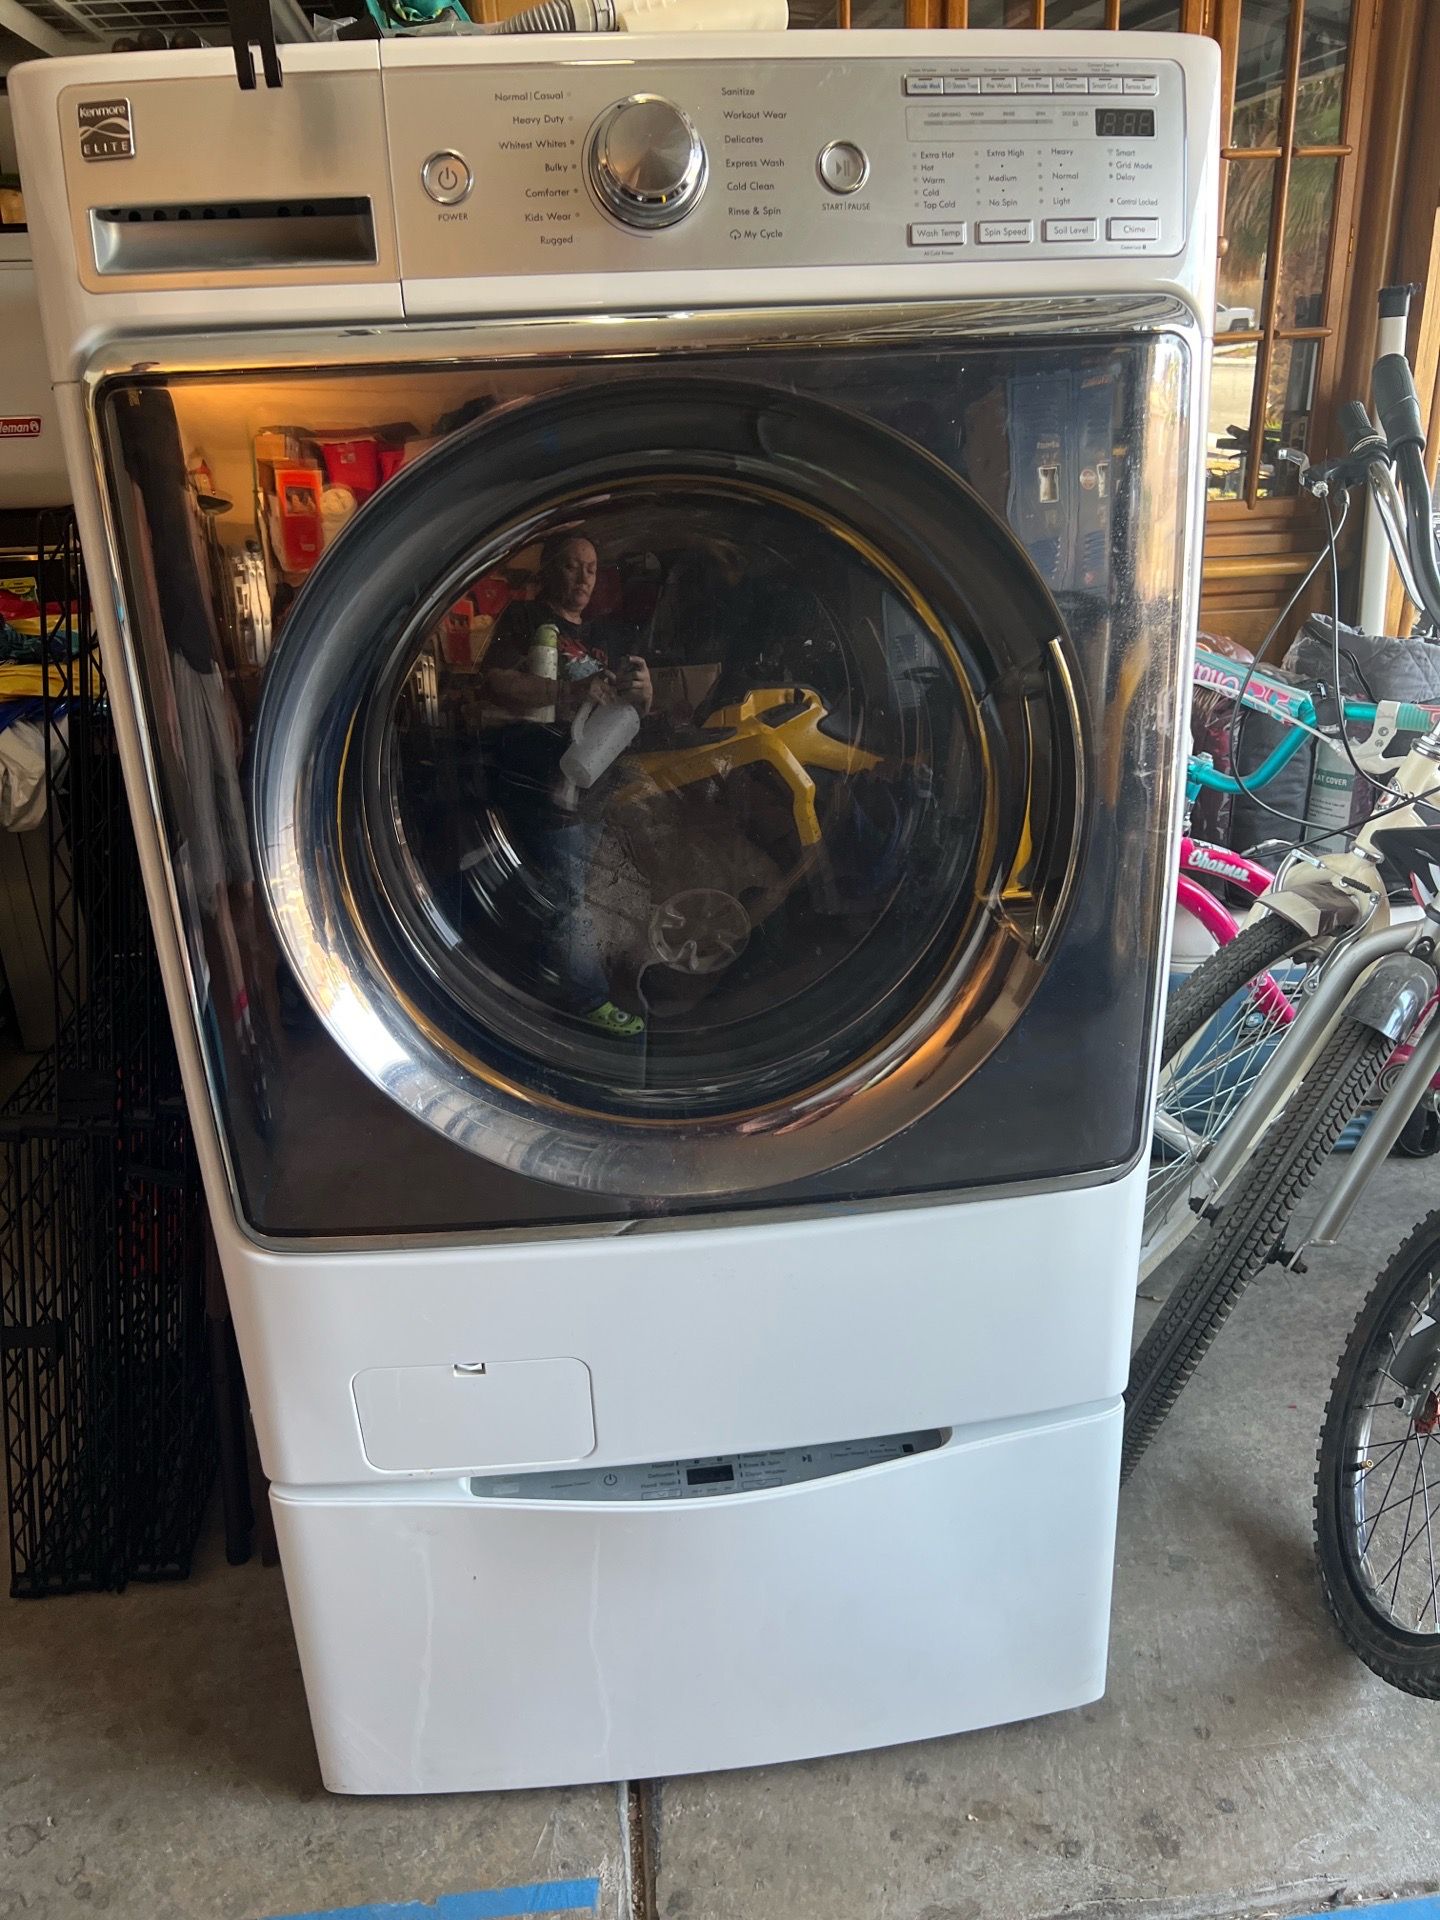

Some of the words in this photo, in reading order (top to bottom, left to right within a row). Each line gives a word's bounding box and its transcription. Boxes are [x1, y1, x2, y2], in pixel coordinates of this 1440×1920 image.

[721, 87, 755, 97] Sanitize
[80, 106, 126, 119] Kenmore
[723, 111, 760, 120] Workout
[763, 110, 787, 119] Wear
[512, 115, 541, 126] Heavy
[544, 114, 565, 124] Duty
[725, 135, 764, 144] Delicates
[83, 141, 129, 155] ELITE
[499, 141, 532, 150] Whitest
[535, 140, 567, 149] Whites
[920, 151, 940, 160] Extra
[941, 151, 955, 159] Hot
[986, 149, 1006, 158] Extra
[1007, 148, 1025, 159] High
[1051, 148, 1074, 157] Heavy
[1115, 148, 1136, 157] Smart
[544, 163, 568, 174] Bulky
[725, 158, 758, 170] Express
[760, 157, 785, 168] Wash
[921, 164, 934, 172] Hot
[1115, 161, 1132, 170] Grid
[1133, 161, 1153, 170] Mode
[922, 176, 946, 185] Warm
[988, 173, 1018, 183] Medium
[1052, 172, 1079, 181] Normal
[1115, 172, 1136, 182] Delay
[726, 182, 747, 191] Cold
[750, 182, 775, 191] Clean
[525, 187, 570, 198] Comforter
[922, 188, 940, 197] Cold
[938, 200, 956, 209] Cold
[988, 199, 1000, 207] No
[1002, 199, 1018, 208] Spin
[1052, 198, 1071, 207] Light
[728, 206, 750, 216] Rinse
[752, 206, 760, 215] &
[763, 206, 781, 217] Spin
[437, 213, 469, 223] POWER
[525, 213, 543, 223] Kids
[546, 211, 571, 222] Wear
[917, 229, 939, 238] Wash
[940, 228, 961, 239] Temp
[984, 227, 1001, 238] Spin
[1003, 227, 1027, 237] Speed
[1053, 225, 1068, 235] Soil
[1069, 224, 1089, 235] Level
[1123, 224, 1146, 234] Chime
[744, 229, 757, 240] My
[760, 229, 783, 239] Cycle
[540, 235, 573, 246] Rugged
[1325, 776, 1348, 787] COVER

→ EXERCISE DIRECTIONS: Output every entry above exactly as written, but omit the pictures.

→ SOLVED PROBLEM:
Some of the words in this photo, in reading order (top to bottom, left to right within a row). Each line gives a word's bounding box and its transcription. Boxes are [x1, y1, x2, y2], in pixel coordinates of this 1440×1920 image.

[721, 87, 755, 97] Sanitize
[80, 106, 126, 119] Kenmore
[723, 111, 760, 120] Workout
[763, 110, 787, 119] Wear
[512, 115, 541, 126] Heavy
[544, 114, 565, 124] Duty
[725, 135, 764, 144] Delicates
[83, 141, 129, 155] ELITE
[499, 141, 532, 150] Whitest
[535, 140, 567, 149] Whites
[920, 151, 940, 160] Extra
[941, 151, 955, 159] Hot
[986, 149, 1006, 158] Extra
[1007, 148, 1025, 159] High
[1051, 148, 1074, 157] Heavy
[1115, 148, 1136, 157] Smart
[544, 163, 568, 174] Bulky
[725, 158, 758, 170] Express
[760, 157, 785, 168] Wash
[921, 164, 934, 172] Hot
[1115, 161, 1132, 170] Grid
[1133, 161, 1153, 170] Mode
[922, 176, 946, 185] Warm
[988, 173, 1018, 183] Medium
[1052, 172, 1079, 181] Normal
[1115, 172, 1136, 182] Delay
[726, 182, 747, 191] Cold
[750, 182, 775, 191] Clean
[525, 187, 570, 198] Comforter
[922, 188, 940, 197] Cold
[938, 200, 956, 209] Cold
[988, 199, 1000, 207] No
[1002, 199, 1018, 208] Spin
[1052, 198, 1071, 207] Light
[728, 206, 750, 216] Rinse
[752, 206, 760, 215] &
[763, 206, 781, 217] Spin
[437, 213, 469, 223] POWER
[525, 213, 543, 223] Kids
[546, 211, 571, 222] Wear
[917, 229, 939, 238] Wash
[940, 228, 961, 239] Temp
[984, 227, 1001, 238] Spin
[1003, 227, 1027, 237] Speed
[1053, 225, 1068, 235] Soil
[1069, 224, 1089, 235] Level
[1123, 224, 1146, 234] Chime
[744, 229, 757, 240] My
[760, 229, 783, 239] Cycle
[540, 235, 573, 246] Rugged
[1325, 776, 1348, 787] COVER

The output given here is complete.